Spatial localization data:
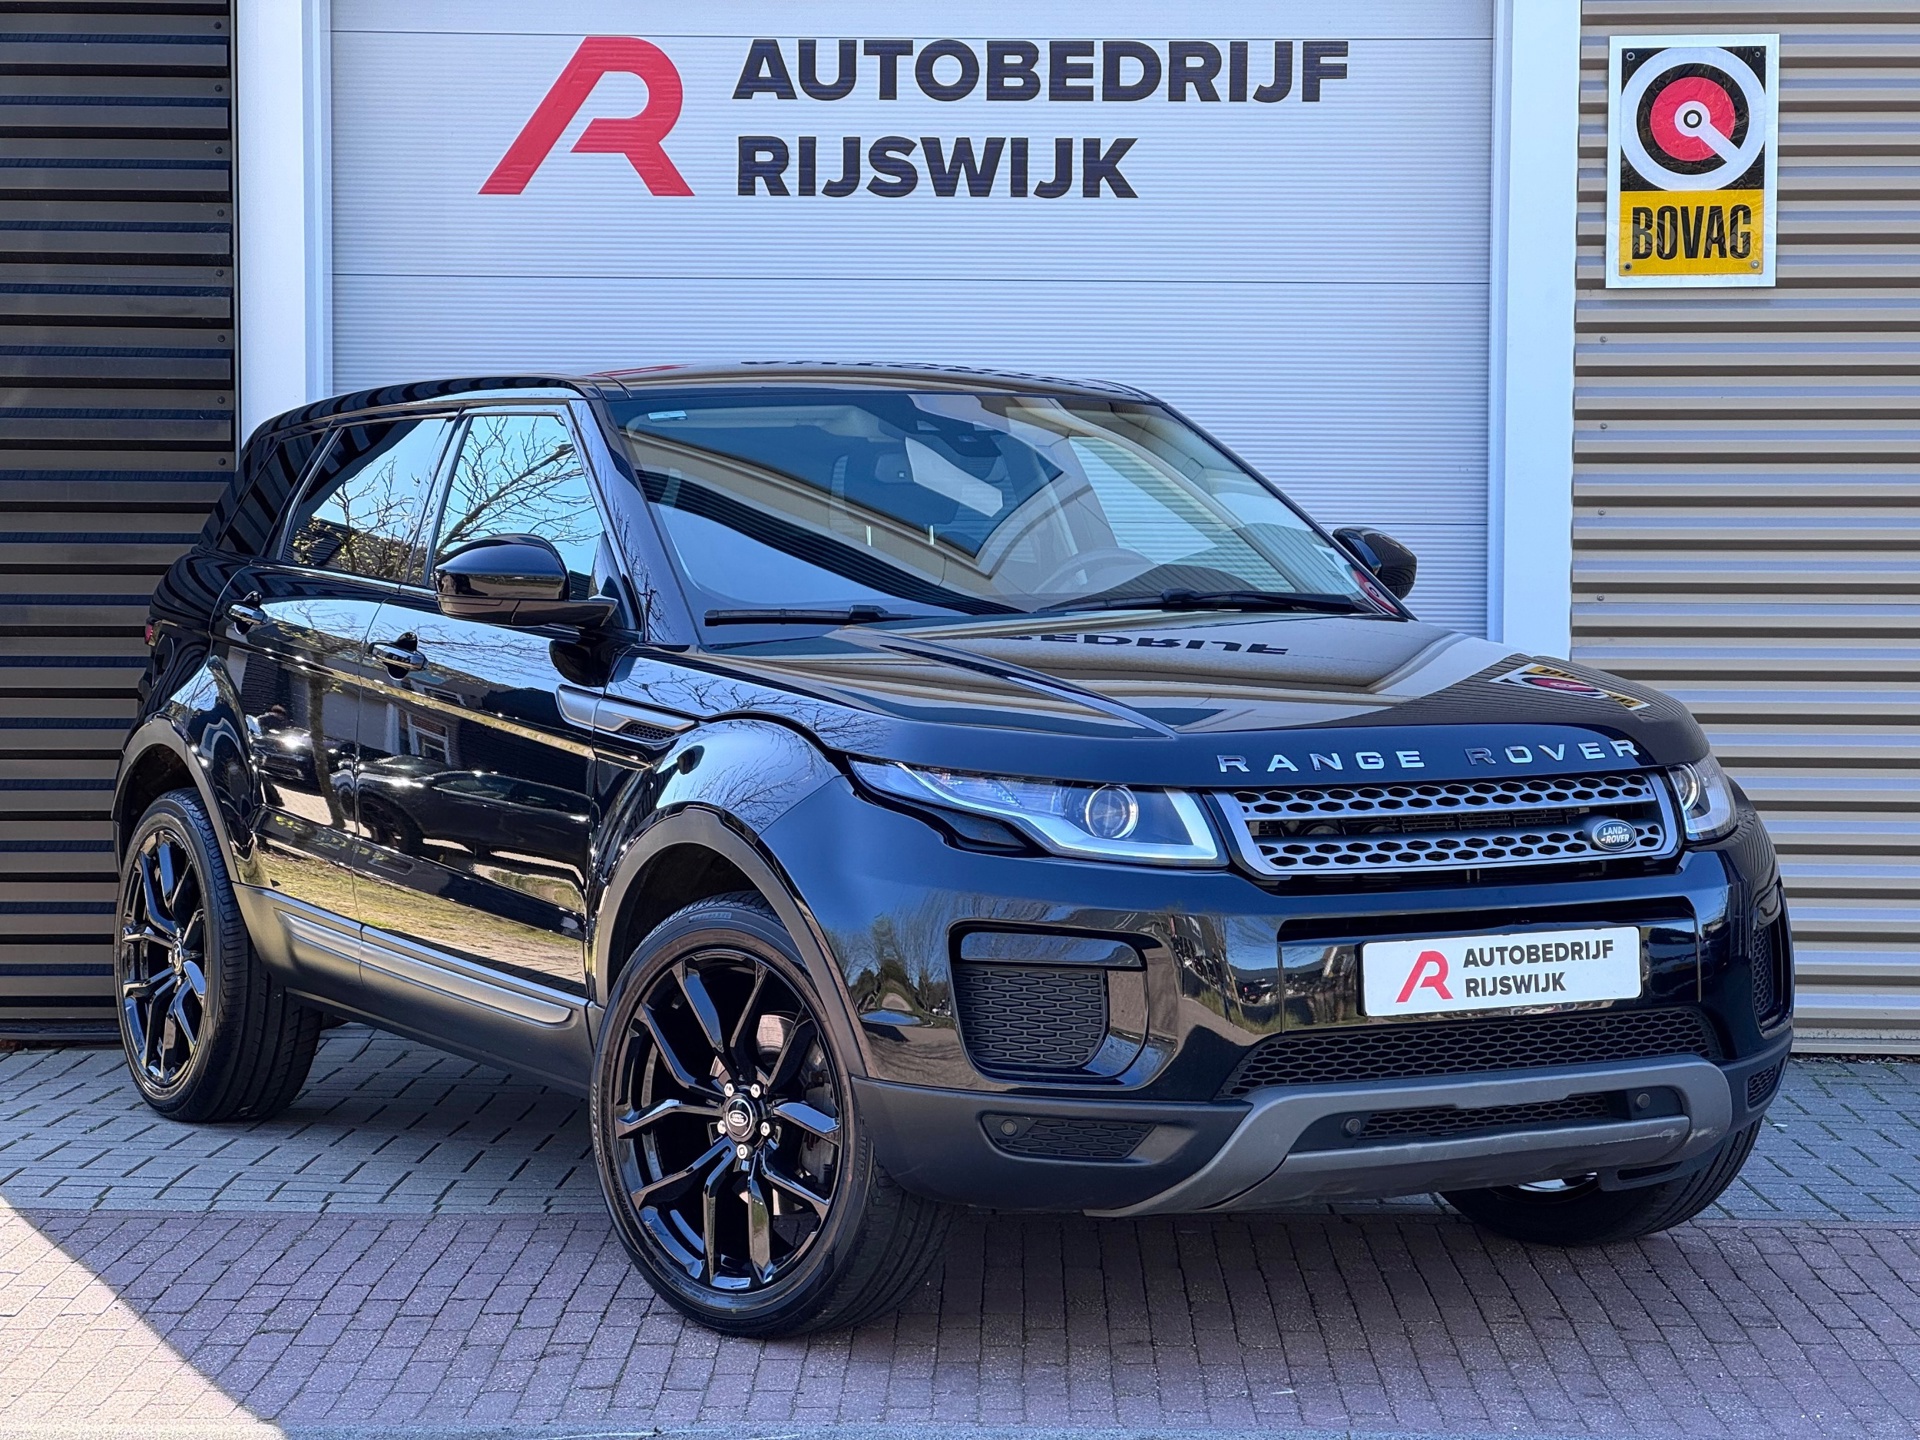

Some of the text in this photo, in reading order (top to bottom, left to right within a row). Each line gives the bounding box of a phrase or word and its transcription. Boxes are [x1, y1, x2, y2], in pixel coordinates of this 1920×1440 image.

[732, 38, 1350, 104] AUTOBEDRIJF
[736, 134, 1140, 199] RIJSWIJK
[1631, 203, 1753, 260] BOVAG
[1216, 738, 1641, 774] RANGE ROVER
[1602, 826, 1623, 836] LAND
[1605, 833, 1630, 844] ROVER
[1462, 939, 1614, 968] AUTOBEDRIJF
[1465, 972, 1567, 998] RIJSWIJK
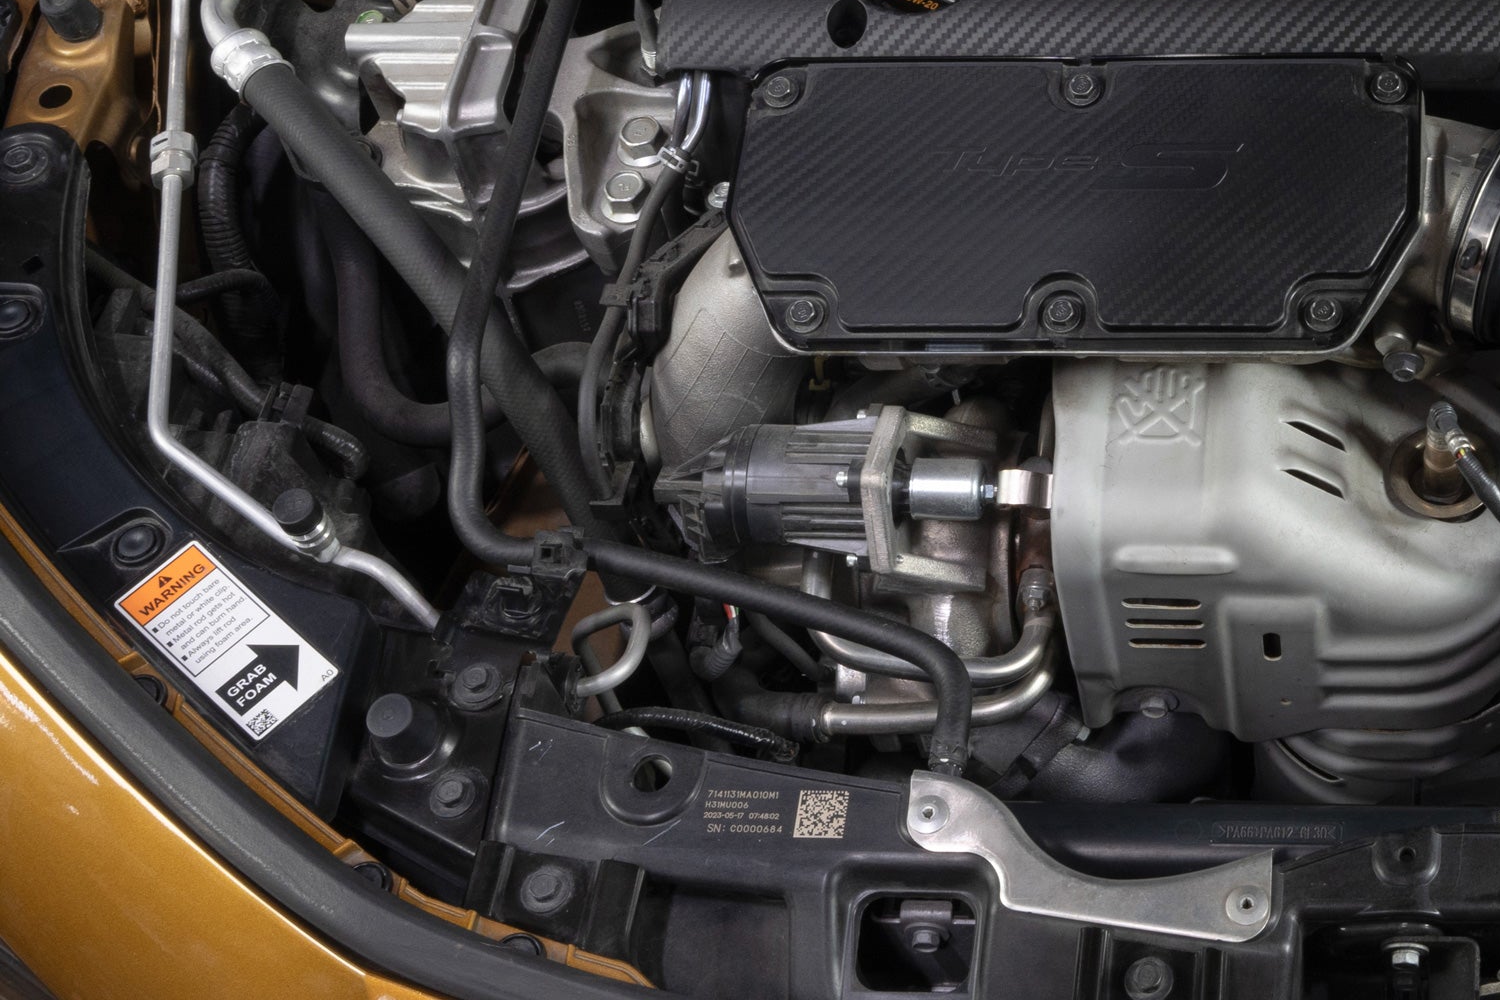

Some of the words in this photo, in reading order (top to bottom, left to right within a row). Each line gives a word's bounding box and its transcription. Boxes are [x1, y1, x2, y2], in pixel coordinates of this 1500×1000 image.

[931, 147, 1099, 176] Type
[139, 563, 206, 617] WARNING
[158, 619, 170, 629] Do
[170, 608, 183, 619] not
[182, 592, 203, 610] touch
[202, 580, 219, 593] bare
[166, 618, 187, 636] metal
[195, 596, 215, 613] white
[215, 585, 230, 597] clip.
[172, 625, 194, 644] Metal
[194, 615, 207, 626] rod
[207, 603, 223, 616] gets
[222, 592, 236, 603] hot
[181, 637, 196, 650] and
[196, 626, 209, 638] can
[209, 612, 226, 626] burn
[188, 636, 214, 657] Always
[213, 626, 224, 636] lift
[223, 616, 236, 628] rod
[195, 647, 216, 664] using
[215, 632, 234, 647] foam
[234, 617, 253, 632] area.
[226, 663, 267, 698] GRAB
[236, 672, 277, 708] FOAM
[706, 824, 726, 833] SN:
[730, 824, 782, 833] C0000684
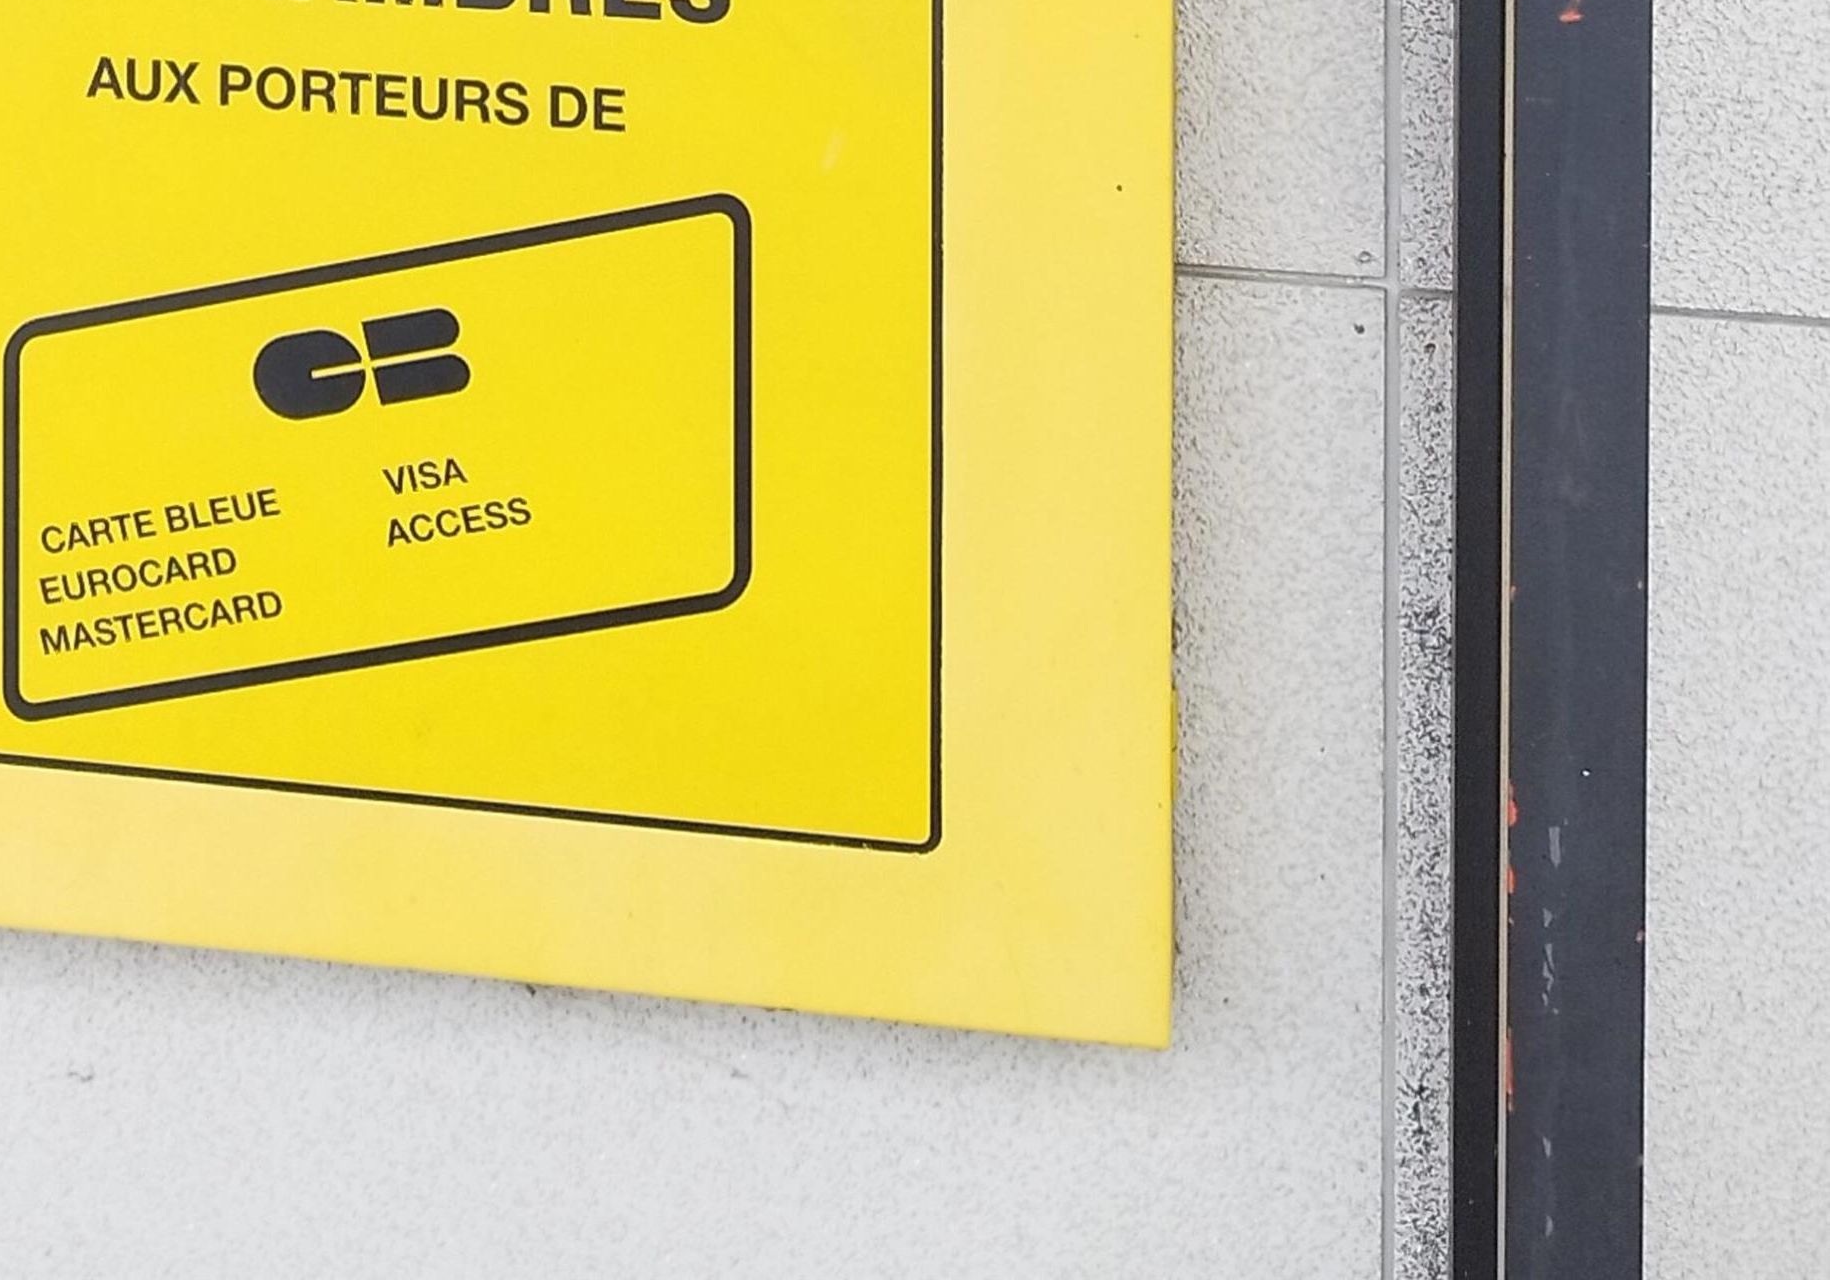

■ WORK REQUIRED
In your copy of the records above, include no pictures and match every line exactly.

■ SOLVED EXERCISE
Some of the text in this photo, in reading order (top to bottom, left to right within a row). Each line gives the bounding box of a phrase or word and its transcription. Boxes are [x1, y1, x2, y2], in pixel coordinates of this 1920×1440 image.

[732, 38, 1350, 104] AUTOBEDRIJF
[736, 134, 1140, 199] RIJSWIJK
[1631, 203, 1753, 260] BOVAG
[1216, 738, 1641, 774] RANGE ROVER
[1602, 826, 1623, 836] LAND
[1605, 833, 1630, 844] ROVER
[1462, 939, 1614, 968] AUTOBEDRIJF
[1465, 972, 1567, 998] RIJSWIJK

Some of the words in this photo, in reading order (top to bottom, left to right within a row). Each line gives a word's bounding box and its transcription. Boxes are [x1, y1, x2, y2], in pixel coordinates of this 1500×1000 image.

[931, 147, 1099, 176] Type
[139, 563, 206, 617] WARNING
[158, 619, 170, 629] Do
[170, 608, 183, 619] not
[182, 592, 203, 610] touch
[202, 580, 219, 593] bare
[166, 618, 187, 636] metal
[195, 596, 215, 613] white
[215, 585, 230, 597] clip.
[172, 625, 194, 644] Metal
[194, 615, 207, 626] rod
[207, 603, 223, 616] gets
[222, 592, 236, 603] hot
[181, 637, 196, 650] and
[196, 626, 209, 638] can
[209, 612, 226, 626] burn
[188, 636, 214, 657] Always
[213, 626, 224, 636] lift
[223, 616, 236, 628] rod
[195, 647, 216, 664] using
[215, 632, 234, 647] foam
[234, 617, 253, 632] area.
[226, 663, 267, 698] GRAB
[236, 672, 277, 708] FOAM
[706, 824, 726, 833] SN:
[730, 824, 782, 833] C0000684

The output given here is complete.